Day By Day

Friday, February 25, 2005

Getting on the Bandwagon

Kofi Annan, desperately trying to maintain some credibility for the organization he heads, has belatedly issued a stern warning to Syria. The Telegraph reports:

Kofi Annan, the United Nations secretary-general, added his voice yesterday to American calls for Syria to pull out of Lebanon. He warned the Syrians in an Arabic television interview that they would face "measures" - presumably some form of sanctions - if they did not pull their army out of Lebanon completely by April....

For the UN... nothing less than a complete withdrawal of the remaining troops and the military intelligence agents who control the country will suffice.

This, of course, is the American position in a nutshell.

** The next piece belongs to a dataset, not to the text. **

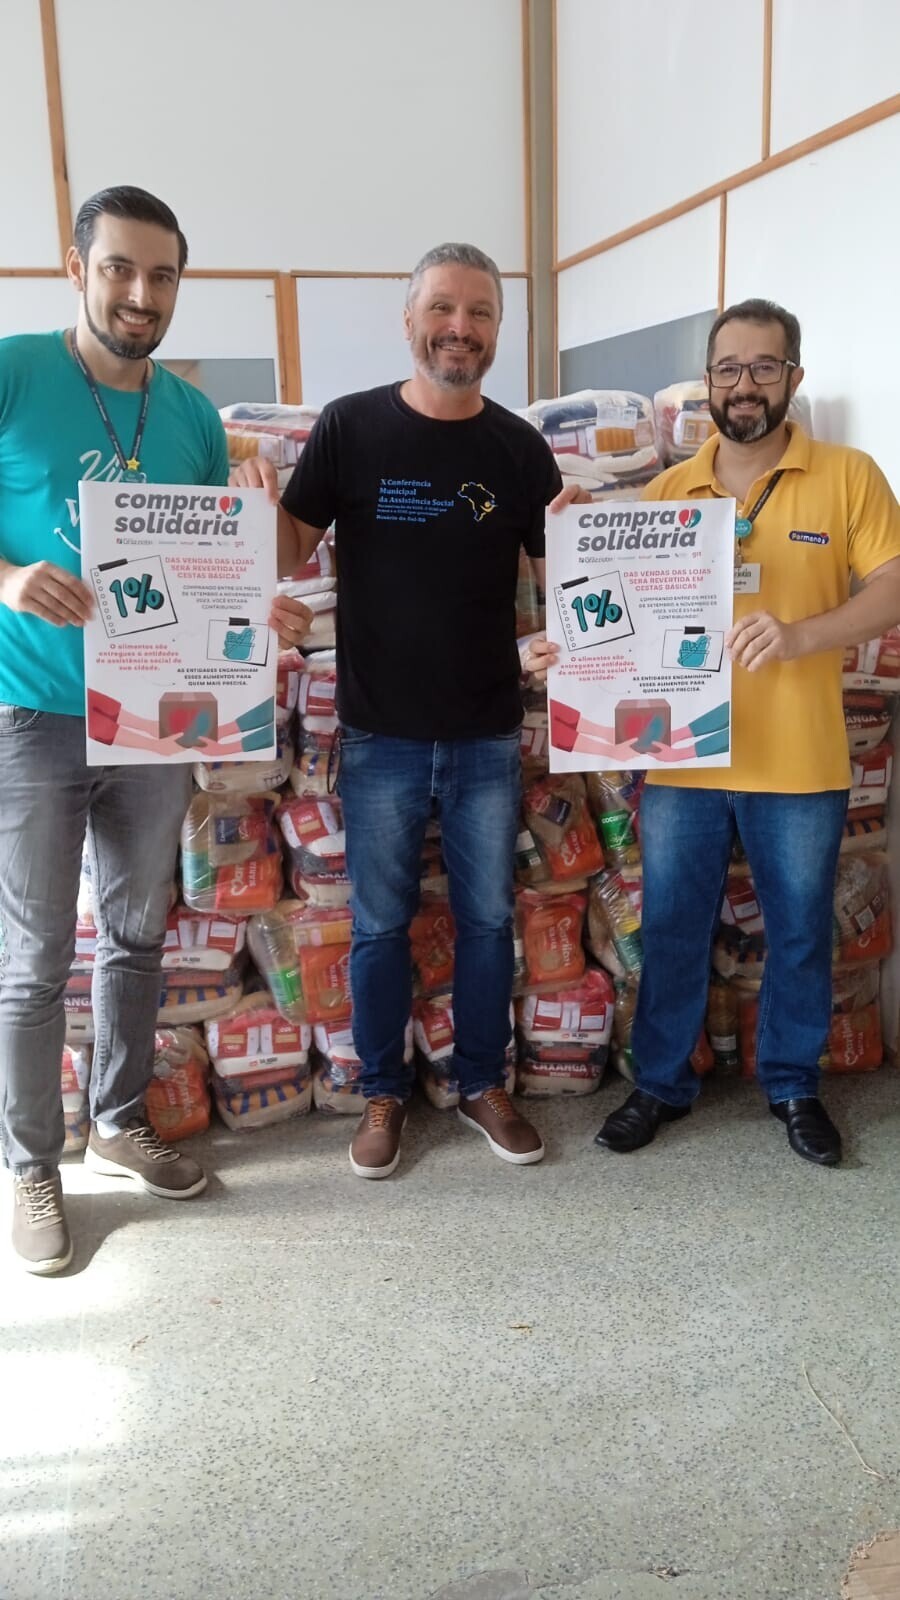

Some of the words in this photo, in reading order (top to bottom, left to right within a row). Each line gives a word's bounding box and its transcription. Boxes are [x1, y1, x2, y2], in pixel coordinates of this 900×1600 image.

Read the whole thing here.

Annan's statement, pitiful as it is, reflects some important developments in world affairs over the past three years:

First, unlike in the runup to the Iraq adventure, Old Europe [read France] is no longer obstructing the US, in fact it is unlikely that it could effectively do so.

Second, the credibility of the UN has been greatly diminished and, despite Annan's pretensions, it can no longer stand as a legitimating agent. Annan's parroting of the American demands is a pathetic indicator of the institution's fall from grace.

And thirdly, the rising tide of enthusiasm for freedom throughout the Middle East, especially in Iraq and Lebanon, has transformed elite perceptions of what is and what is not possible. The enveloping miasma of cynicism is beginning to lift.

President Bush has ushered us into a new world, one filled with great perils and infinite possibilities. However much Chirac and Annan and America's foreign policy elites might want to do so, there is no going back.